Collin Palmer’s profile pictureUpdated last week by Collin Palmer

Arcade offers eight template-based game formats, a 'Surprise Me' option, and a fully custom game mode. Every game type supports leaderboard scoring based on correct answers and completion speed.

Multiple Choice

A classic quiz format. Players answer numbered questions by selecting from A/B/C/D answer options. Questions can include reading passages followed by comprehension questions. All questions appear on a single scrollable page, and players click Submit when they’re done.

Best for: Comprehension checks, reading passages, factual recall, test prep.

Matching

Players see a set of labeled slots at the top of the screen and a hand of illustrated cards at the bottom. Each card features an AI-generated image and a term. Players drag cards from their hand into the correct slot to match terms with their definitions or descriptions.

Best for: Vocabulary and definitions, cause and effect, concept pairing.

Flashcards

Digital flip cards for studying. Each card has a front and back — typically a term on one side and a definition, image, or explanation on the other. Players navigate through the deck using pagination controls. Some flashcards include audio playback for pronunciation or narration. Scoring for Flashcards is based on completion, so players are ranked by speed on the leaderboard.
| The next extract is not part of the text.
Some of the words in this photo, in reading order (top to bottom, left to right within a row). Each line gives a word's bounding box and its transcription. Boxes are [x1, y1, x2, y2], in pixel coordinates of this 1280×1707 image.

Best for: Vocabulary, definitions, key facts, study review.

Memory Tiles

A grid of numbered tiles that players flip to reveal images underneath. The goal is to find all matching pairs. Players flip two tiles at a time — if they match, the tiles stay revealed. If not, they flip back over.
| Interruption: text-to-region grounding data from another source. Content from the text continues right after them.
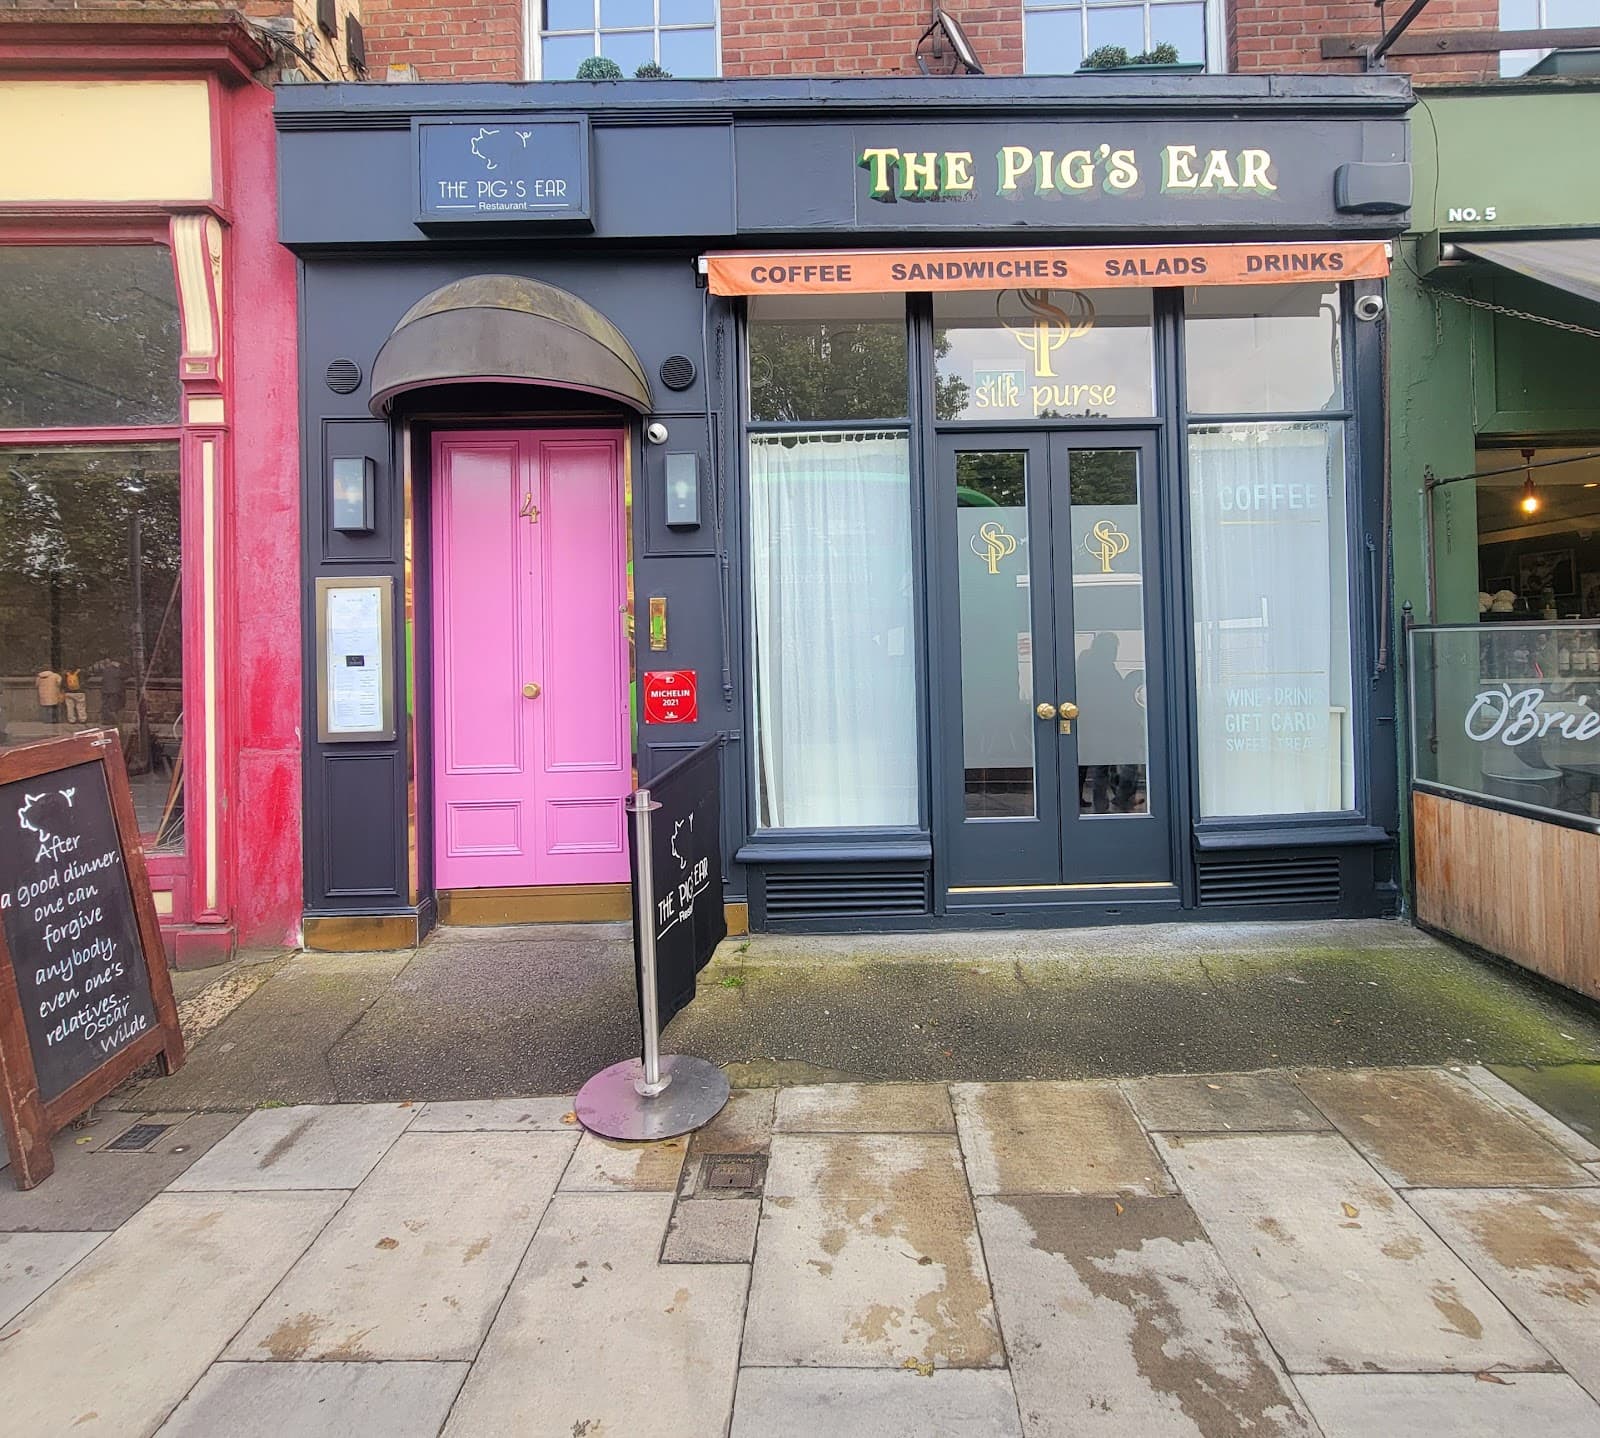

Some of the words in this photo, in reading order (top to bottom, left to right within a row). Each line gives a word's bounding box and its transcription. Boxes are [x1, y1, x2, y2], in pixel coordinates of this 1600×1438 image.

[438, 181, 468, 199] THE
[477, 180, 526, 198] PIG'S
[535, 179, 566, 197] EAR
[858, 147, 974, 201] THE
[998, 144, 1140, 193] PIG'S
[1162, 144, 1279, 193] EAR
[478, 201, 528, 211] Restaurant
[1448, 207, 1480, 221] NO.
[1485, 206, 1497, 220] 5
[751, 264, 851, 283] COFFEE
[892, 259, 1068, 280] SANDWICHES
[1105, 256, 1207, 277] SALADS
[1246, 252, 1344, 273] DRINKS
[975, 375, 1021, 408] silk
[1031, 383, 1117, 416] purse
[519, 492, 541, 524] 4
[1220, 483, 1317, 511] COFFEE
[650, 689, 690, 698] MICHELIN
[662, 698, 679, 707] 2021
[1225, 712, 1262, 732] GIFT
[35, 833, 81, 863] After
[0, 893, 12, 909] a
[17, 872, 60, 907] good
[64, 851, 120, 880] dinner,
[658, 890, 675, 926] THE
[694, 856, 710, 887] EAR
[34, 897, 65, 922] one
[67, 885, 99, 905] can
[42, 907, 104, 953] forgive
[35, 937, 118, 985] anybody,
[39, 988, 80, 1018] even
[85, 962, 125, 993] one's
[84, 1001, 131, 1041] Oscar
[100, 1014, 148, 1053] Wilde
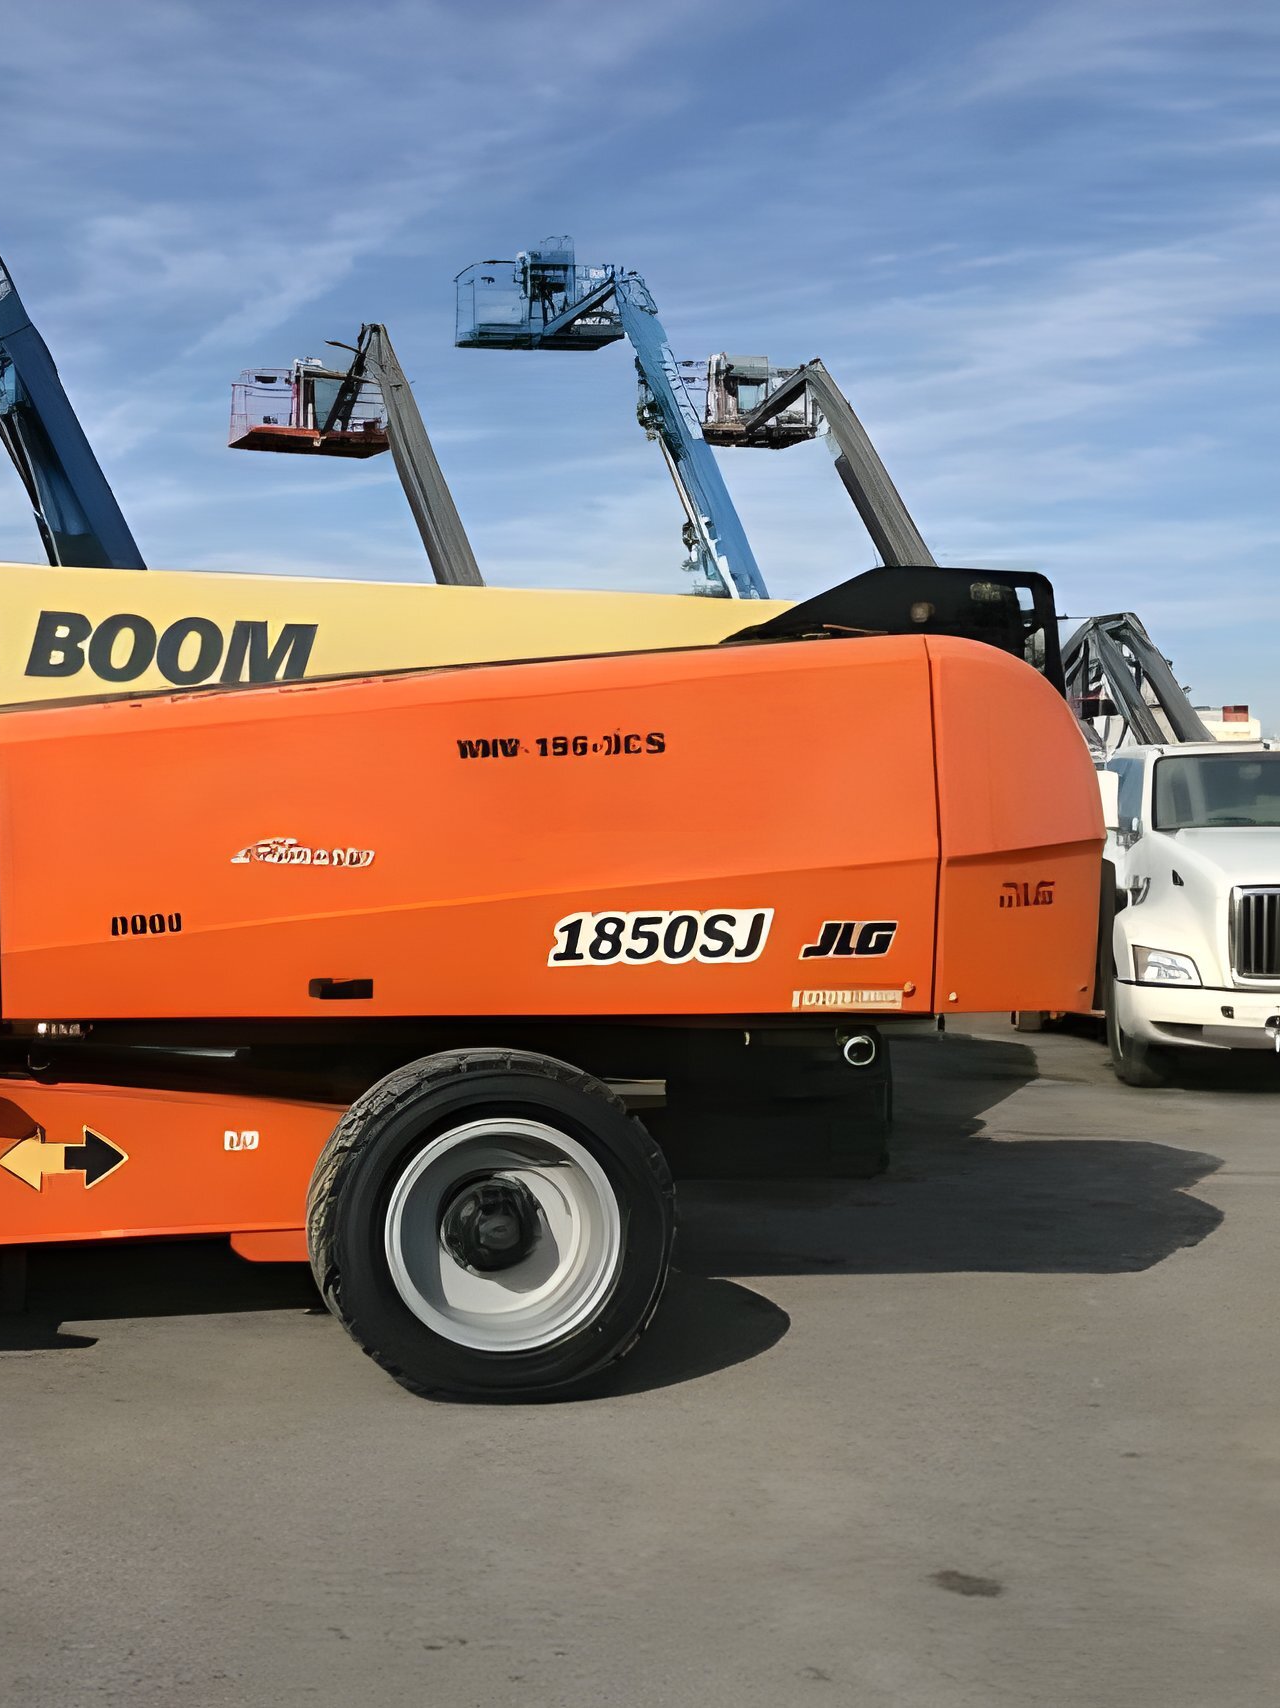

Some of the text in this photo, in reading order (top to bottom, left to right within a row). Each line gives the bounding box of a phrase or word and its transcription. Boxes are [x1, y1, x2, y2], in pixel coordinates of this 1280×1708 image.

[24, 610, 318, 684] BOOM
[552, 911, 766, 962] 1850SJ
[802, 922, 898, 958] JLG
Best for: Visual association, vocabulary-image pairing, younger learners.

Sorting

Players categorize items by dragging text cards into labeled category buckets. For example, sorting animals into “Mammals,” “Reptiles,” and “Birds,” or sorting story excerpts by narrative point of view.
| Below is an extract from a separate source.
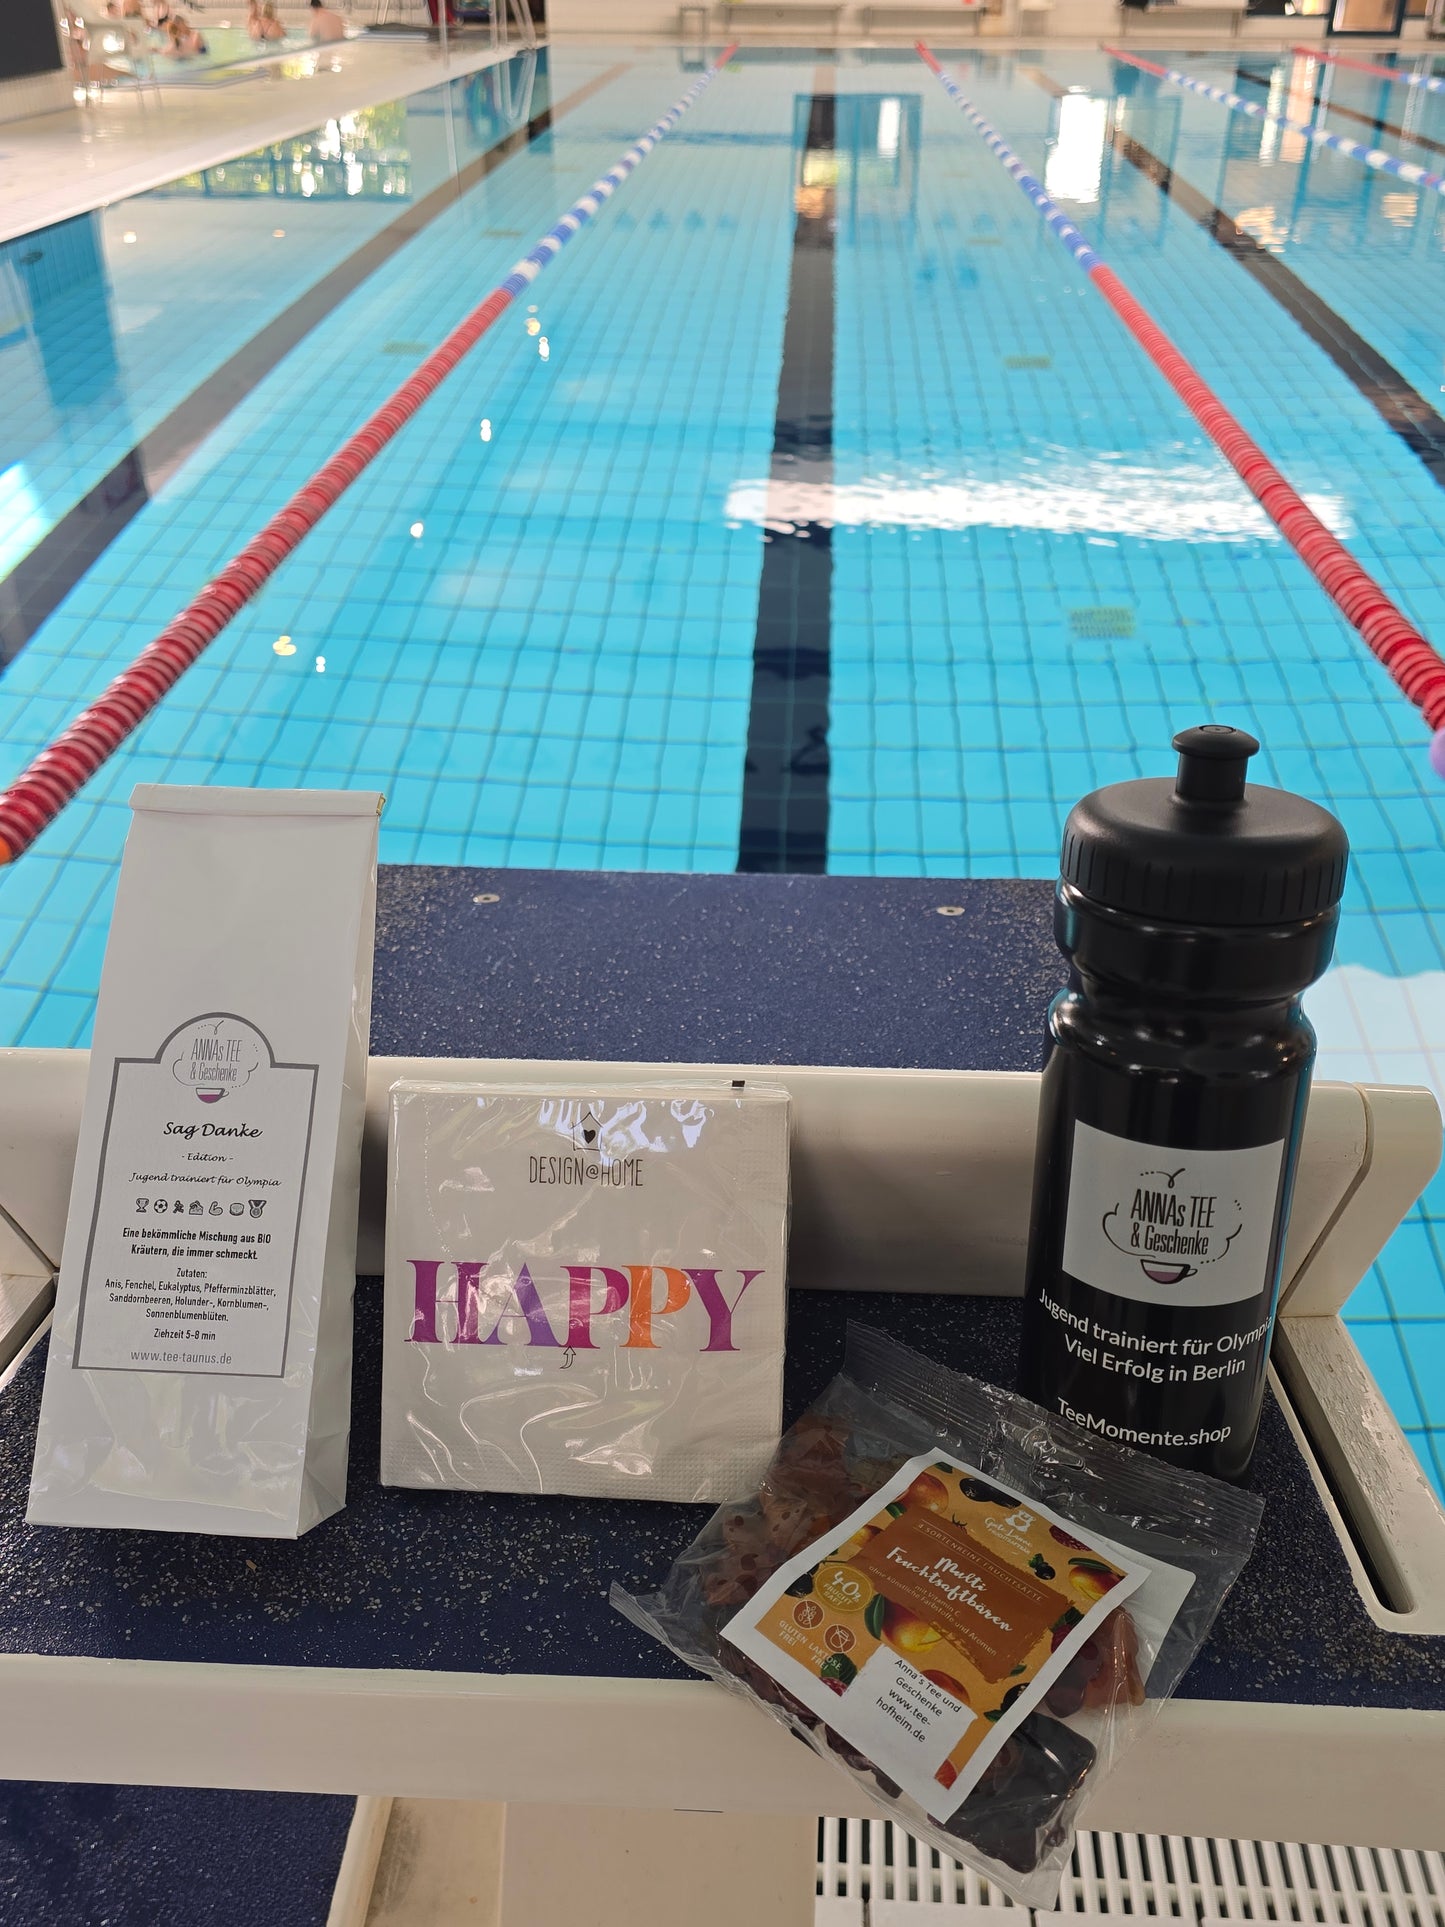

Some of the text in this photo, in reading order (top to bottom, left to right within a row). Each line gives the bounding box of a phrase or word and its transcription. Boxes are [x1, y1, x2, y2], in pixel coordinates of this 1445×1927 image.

Best for: Classification, categorization, comparing and contrasting, grouping concepts.

Sequencing

Players arrange events, steps, or items into the correct numbered order. Slots are labeled with sequence numbers and may include date or year labels. Cards feature both text and images, and some include audio playback icons for an auditory learning dimension.

Best for: Historical timelines, process steps, story ordering, cause-and-effect chains.

Fill in the Blank

An interactive worksheet-style game. Sentences or equations are displayed with empty slots where key words or values should go. Answer chips are shown at the bottom of the screen, and players drag the correct chips into the blank spaces.

Best for: Sentence completion, math equations, grammar exercises, vocabulary in context.

A letter grid puzzle. Players hunt for a set of vocabulary words hidden across, down, or diagonally in the grid, and select each one by dragging from its first letter to its last. The Words panel on the side lists every word to find and a running count of how many words have been found. Words that have been found are highlighted in the grid and crossed off the list.

Best for: Vocabulary recognition, sight words, spelling practice, language learners.

Crossword

A crossword puzzle. Players read Across and Down clues in a side panel and type the answers into a grid, with letters auto-uppercased and the cursor advancing through cells as they type. When a word is filled in, focus jumps to the next clue.

The grid is auto-arranged from the answers you provide, so changes happen by editing answers in the Content tab rather than by moving cells.

Crossword is currently not available for people with the following languages set: Chinese, Japanese, Korean, Arabic, Farsi, Urdu, Pashto, Thai, Khmer, Lao, and Burmese.
Best for: Vocabulary recall, capitals and geography, definitions, foreign language learners, classroom warm-ups.